Но он был еще, по-видимому, в сознании: ногти его царапали кобуру, закрепленную подмышкой ремнями, а глаза поворачивались, как на осях, обозревая окрестности.
И он тягостно проскрипел, исчерпав, по всей вероятности, последние силы:
— Цыпа, напрасно…
Или, может быть, он проскрипел что-то другое. Разобрать было трудно. Потому что я уже отходил — быстро пятясь и разряжая свою «бабетту» в направлении стоящей у тротуара машины.
Видимо, не слишком вслепую.
Так как один из мужчин вдруг схватился за грудь и завертелся на месте.
Судя по всему, я его зацепил.
А похож он, по-моему, был на недоучившегося студента.
Такой же голодный.
— Во двор!.. — крикнула Кора.
Это было, наверное, самое правильное решение.
Мы протиснулись мимо помойки, загораживающей собой почти весь проход, и когда перебежали через открытый участок, резко сузившийся и закончившийся бетонным, в потеках гудрона заборчиком, то меня, как будто догнав, жестоко ударили в спину, и я, чуть не свернув себе шею, полетел на отбросы, раскиданные вокруг двух мусорных баков.
Саданулся я обалденно, даже в голове зазвенело, а когда попытался подняться, за что-то схватившись, то вдруг онемевшие ноги у меня бесполезно разъехались.
— Вставай!.. — нетерпеливо крикнула Кора.
Но я уже догадался, в чем дело и, откинувшись на бетонку, нагретую солнечными лучами, безнадежно махнул ей рукой с зажатым в ней пистолетом:
— Все.

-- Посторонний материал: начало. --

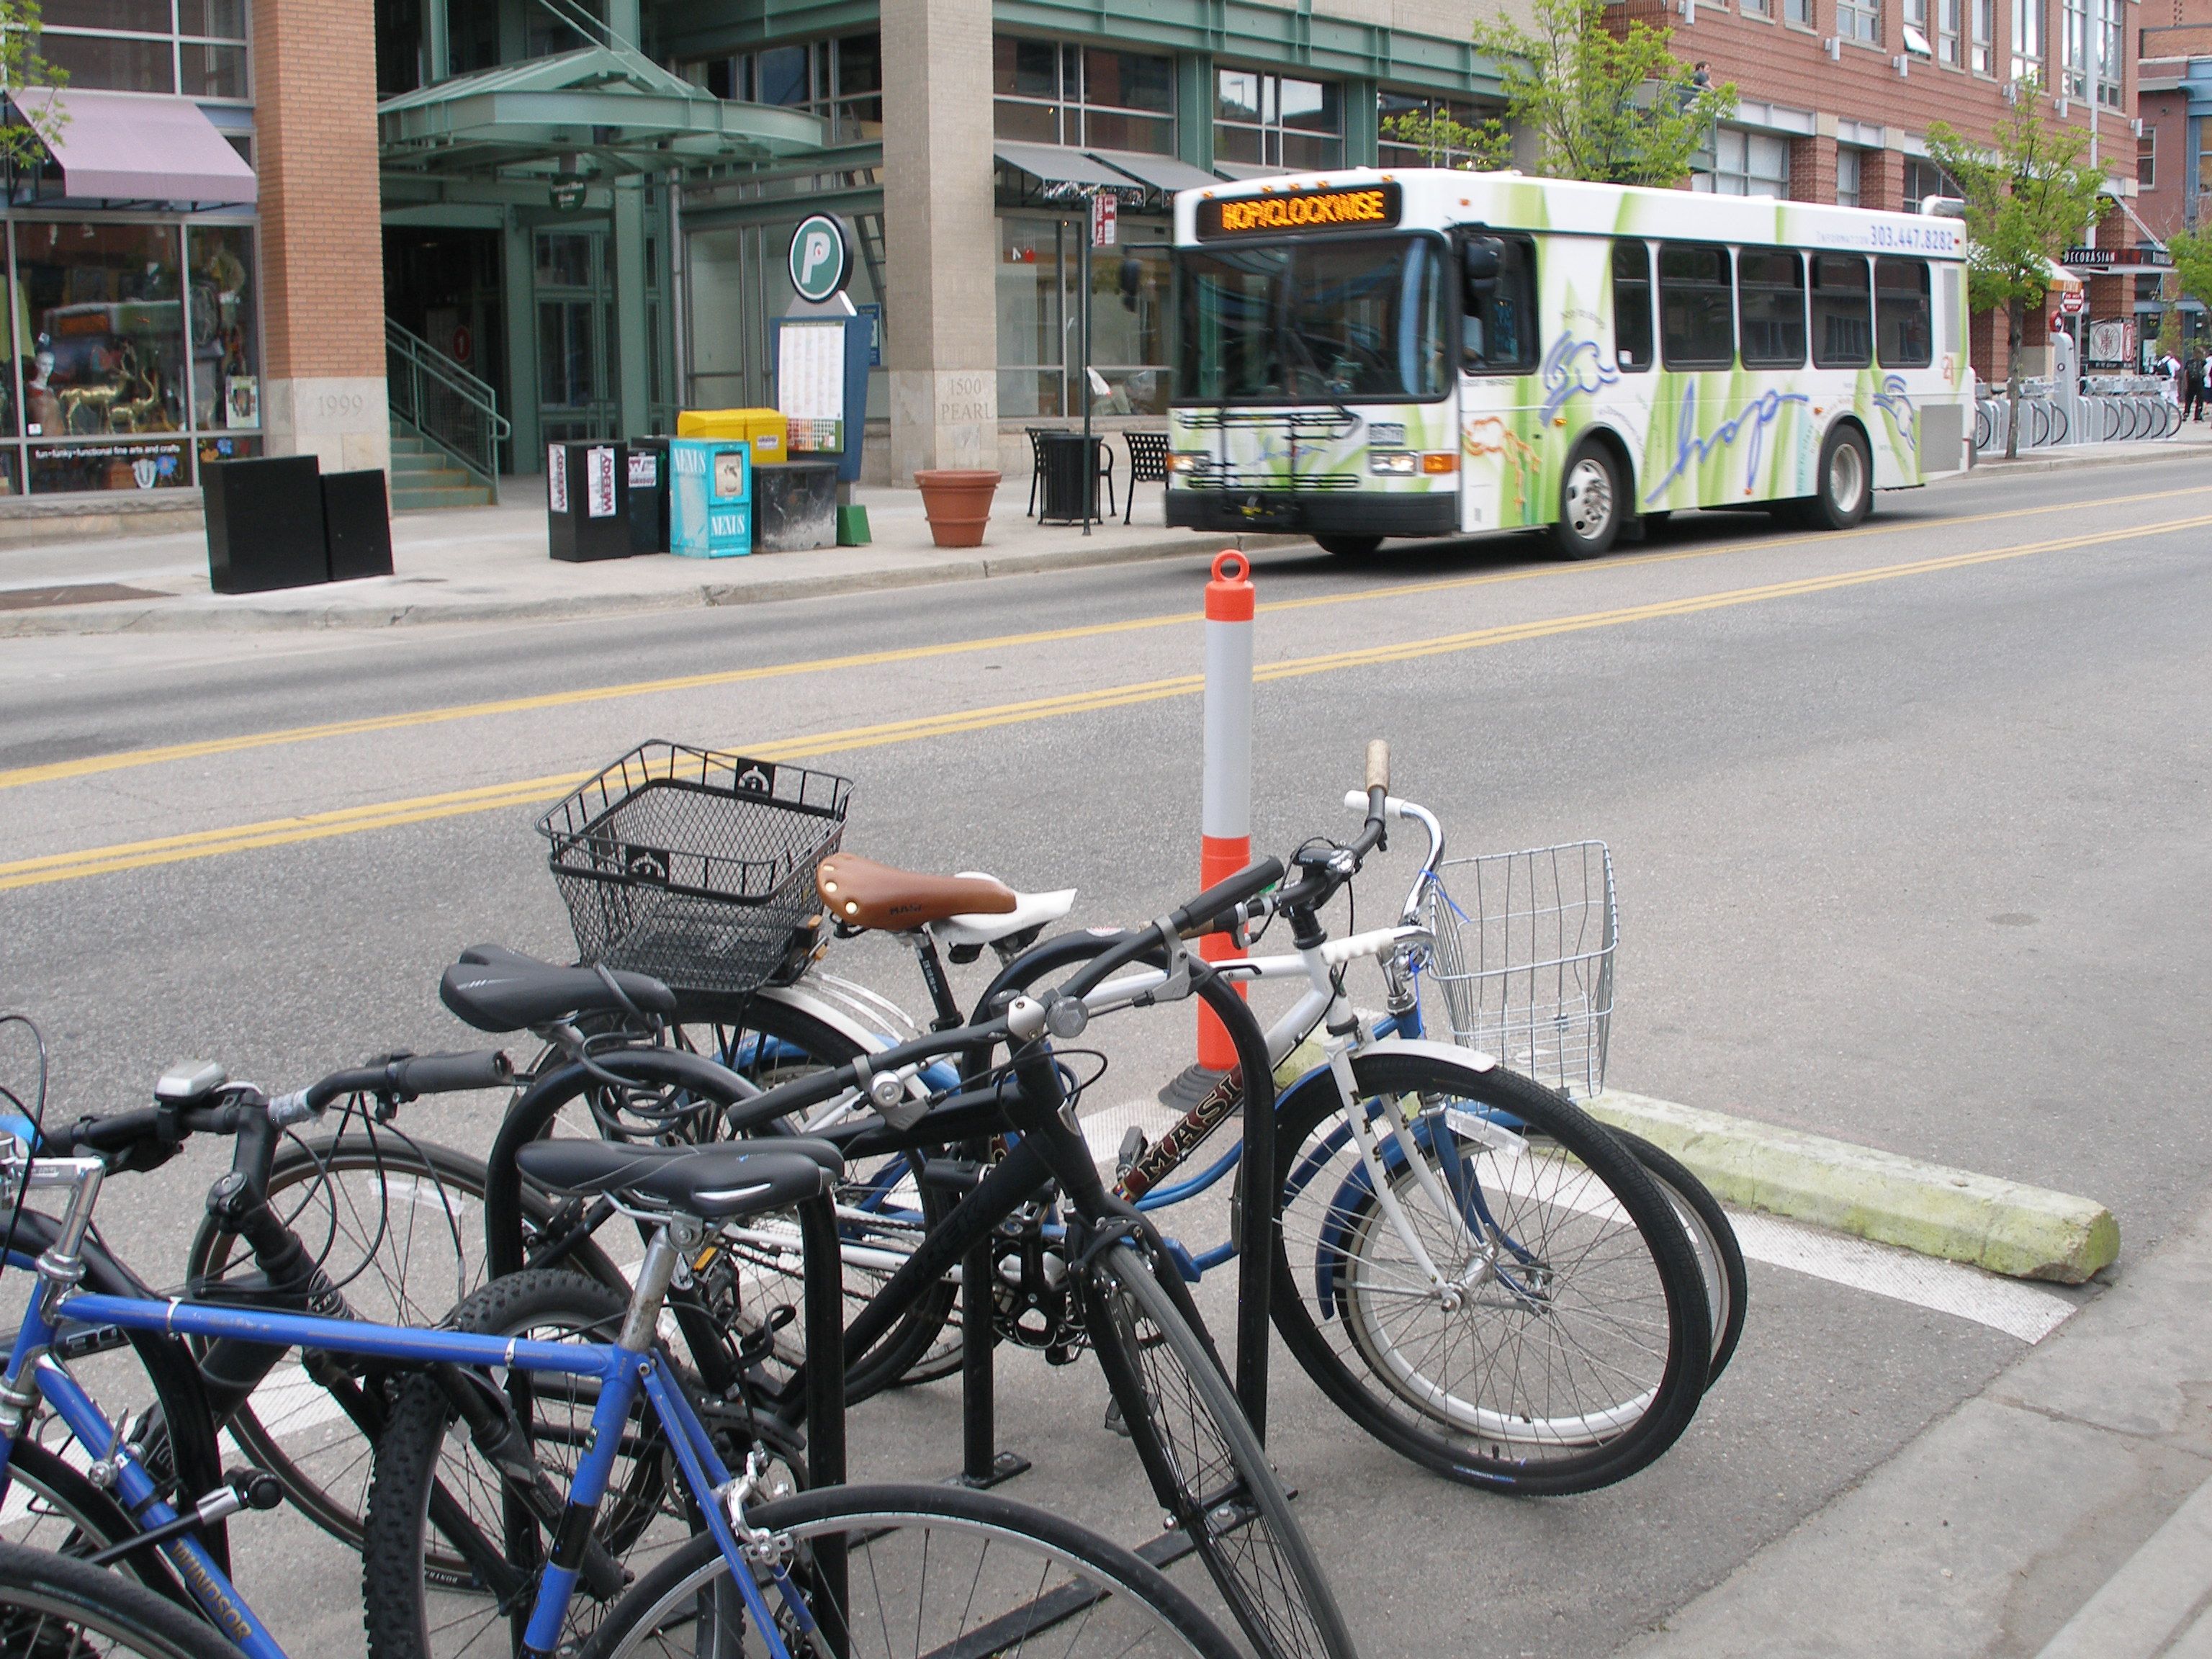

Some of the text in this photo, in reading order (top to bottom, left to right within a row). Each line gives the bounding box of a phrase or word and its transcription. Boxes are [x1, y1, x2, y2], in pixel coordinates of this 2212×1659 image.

Отбегался…
Тогда Кора нагнулась:
— Тебя что, ранили? Вот невезение!.. Поднимайся, поднимайся, нам нельзя здесь задерживаться!..
Платок у нее съехал на шею, а скуластое приблизившееся лицо горело от возбуждения.

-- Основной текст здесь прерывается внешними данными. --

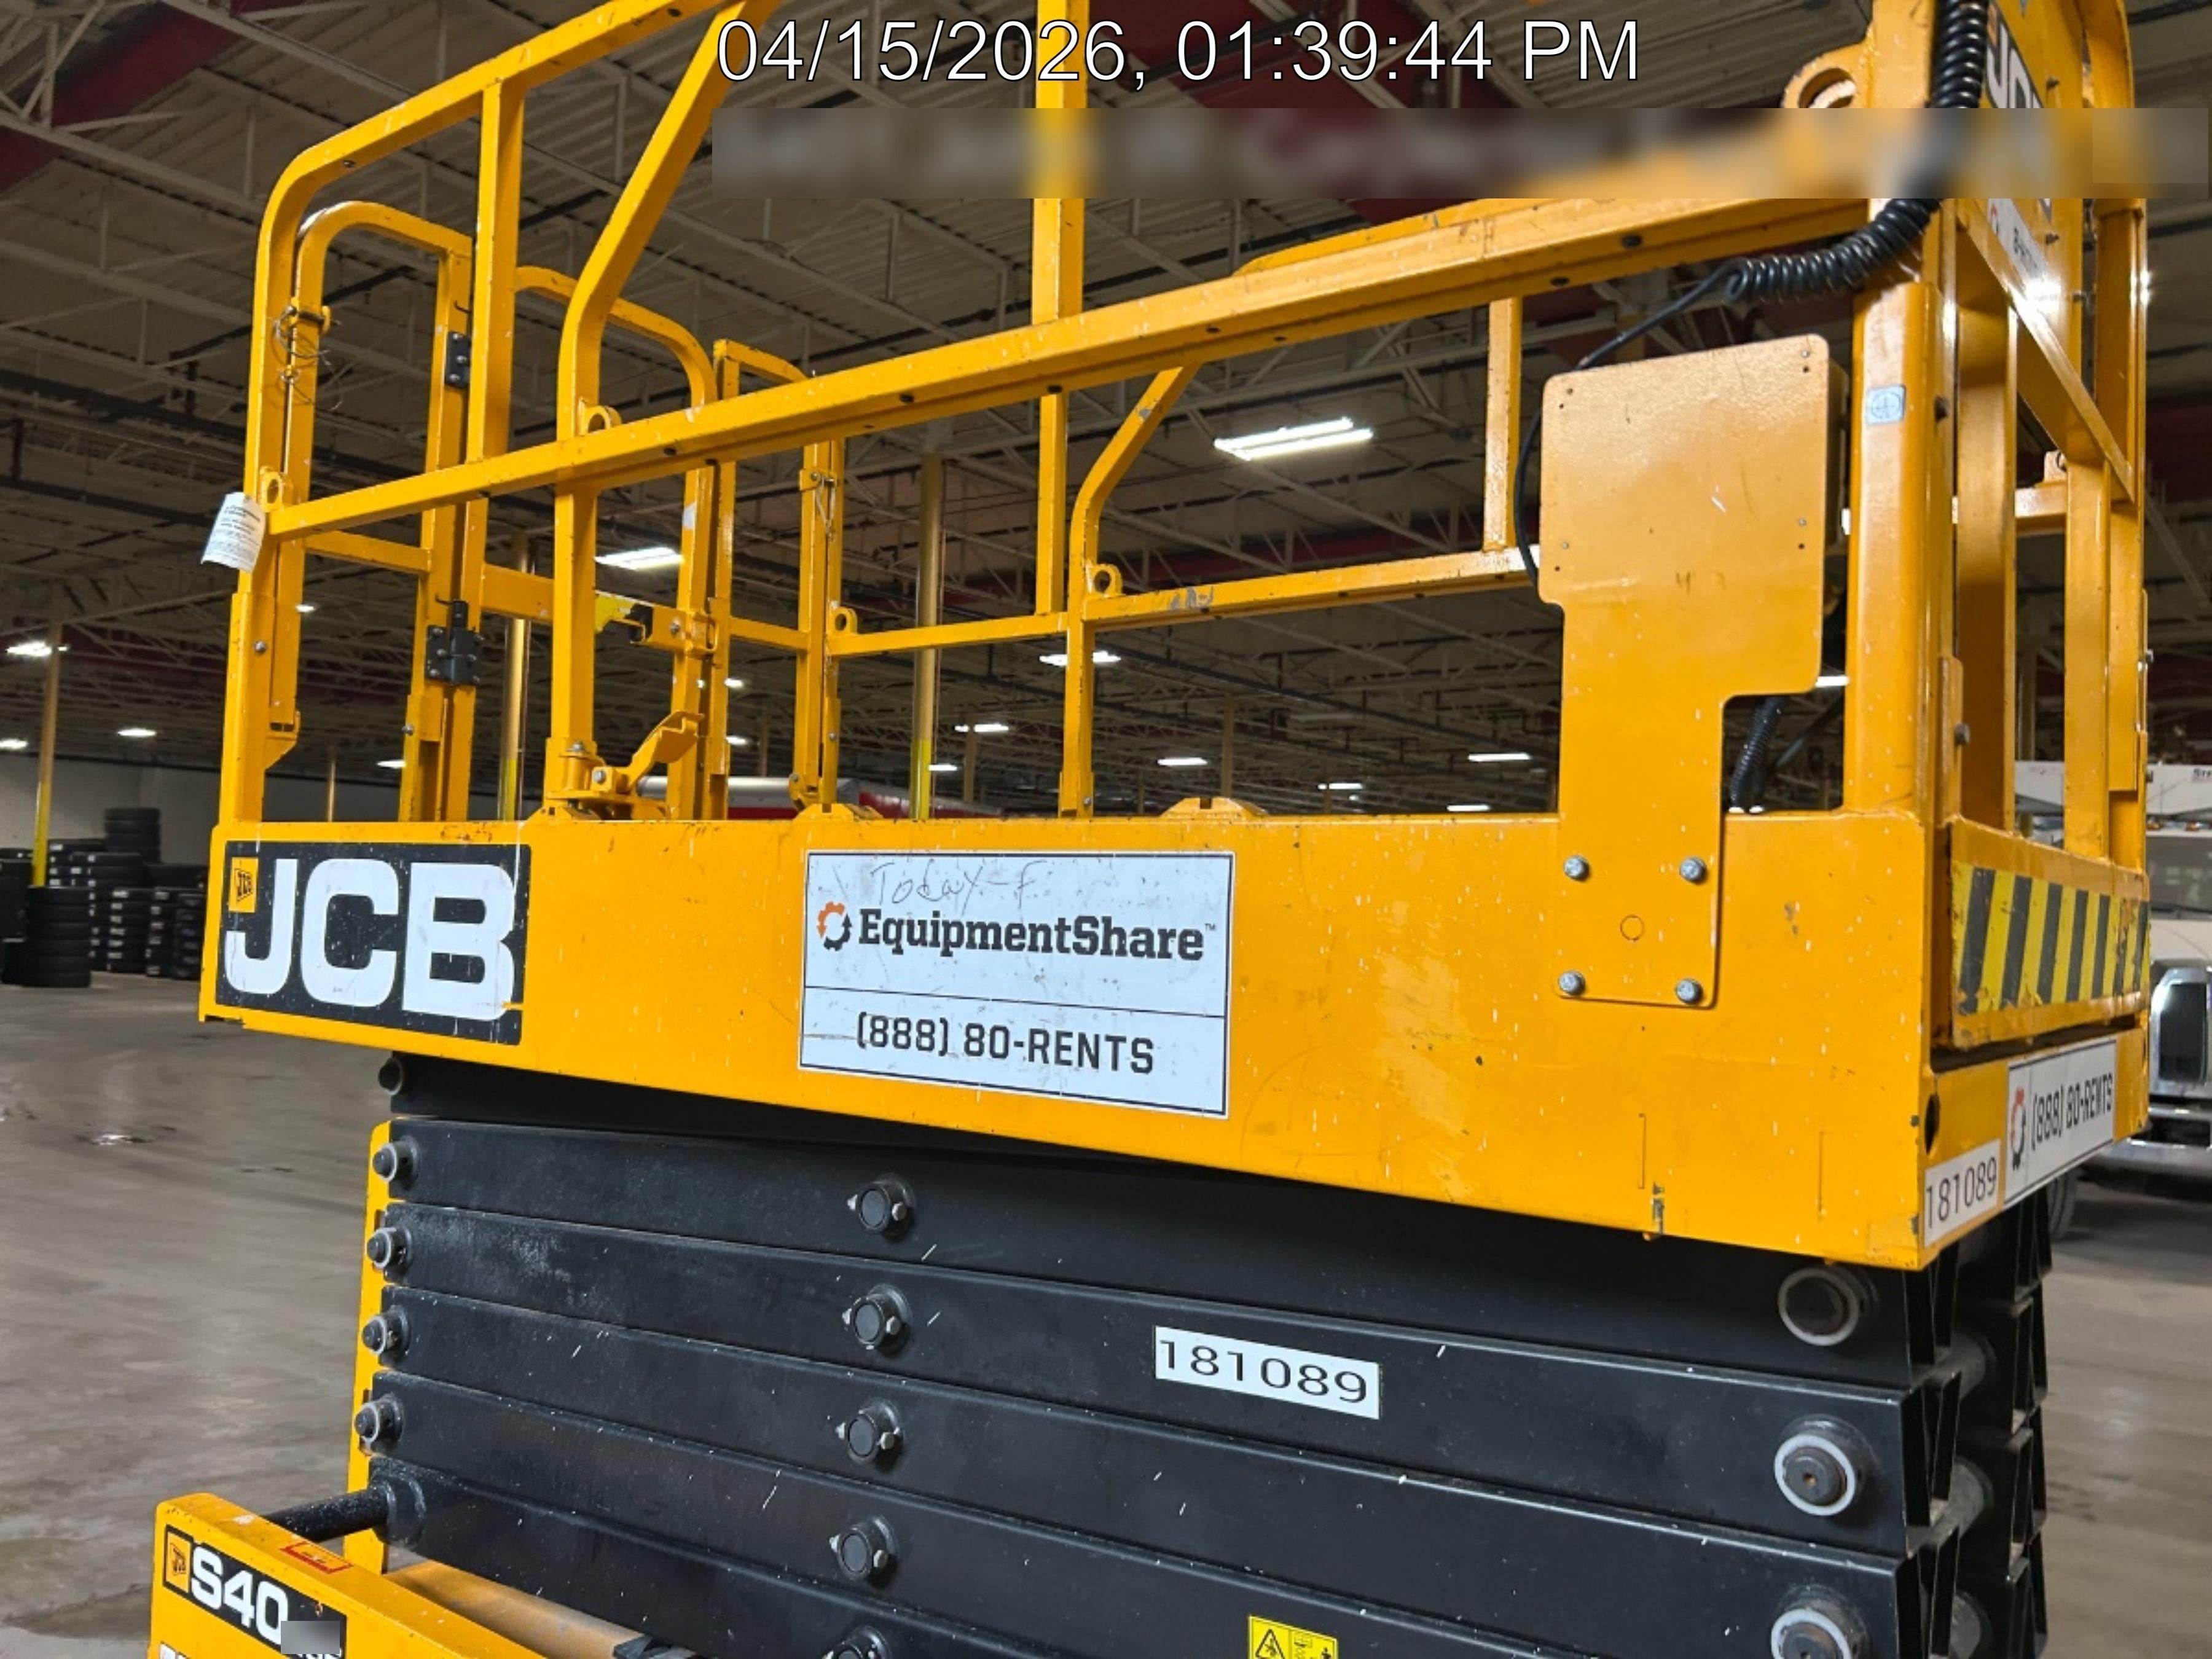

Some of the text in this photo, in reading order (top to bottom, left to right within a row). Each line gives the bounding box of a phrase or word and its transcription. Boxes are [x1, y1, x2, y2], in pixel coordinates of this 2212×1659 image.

И свисал на цепочке крохотный золотой медальончик.
Видимо, ей все это безумно нравилось.
— Что же нам с тобой делать?..
Она покусала губы.
Я сказал, стараясь, чтобы голос мой звучал как можно обыденнее:
— Уходи сама. Уходи. Просто — так получилось. Ты мне ничем не поможешь…
Голос у меня все-таки дрогнул.
— А ты?.. — быстро спросила Кора.
— А я постараюсь их задержать…
— Это невозможно!
— Беги!..
Я оторвал руку, прижатую к животу, и — не знаю, что там увидели бы другие, — а я увидел жидкую обильную кровь, растекающуюся по ладони.
Не крахмал, перемешанный с клочьями ваты, и не черный тягучий мазут, в котором желтели бы части разломанных шестеренок.
А действительно — кровь.
Живую.
Ужасно краснеющую.
И Кора тоже ее увидела.
— Прощай, — сказала она.
И, прильнув, как ребенок, поцеловала меня в висок горячими сухими губами.
Я ее больше не видел.
Я только слышал, как она, вскарабкавшись на мусорный бак, на задерживаясь ни на мгновение, спрыгнула по ту сторону разделившего нас заборчика, и шаги ее стремительно потерялись в колодцах нагретого камня.
Я ее больше не видел.
Однако, я сразу заметил темные фигуры людей, выскакивающих из-под дворовой арки.
Их было пятеро или шестеро, и, подняв вдруг отяжелевшее тело «бабетты», я, не прицеливаясь, дважды выстрелил в том направлении.
Я не старался попасть, я лишь радовался, что пока совсем не чувствую боли, и когда в меня начали как бы тыкать железным прутом, то я вспомнил вдруг растерянную физиономию Гансика.
Как он падал за холодильник, утаскивая за собой полотенце.
И какое при этом у него было беспомощное лицо.
И я подумал, что это, наверное, справедливо.
Жизнь за жизнь.
Это, наверное, справедливо.
А затем прут ударил меня прямо в глаза, и — все исчезло…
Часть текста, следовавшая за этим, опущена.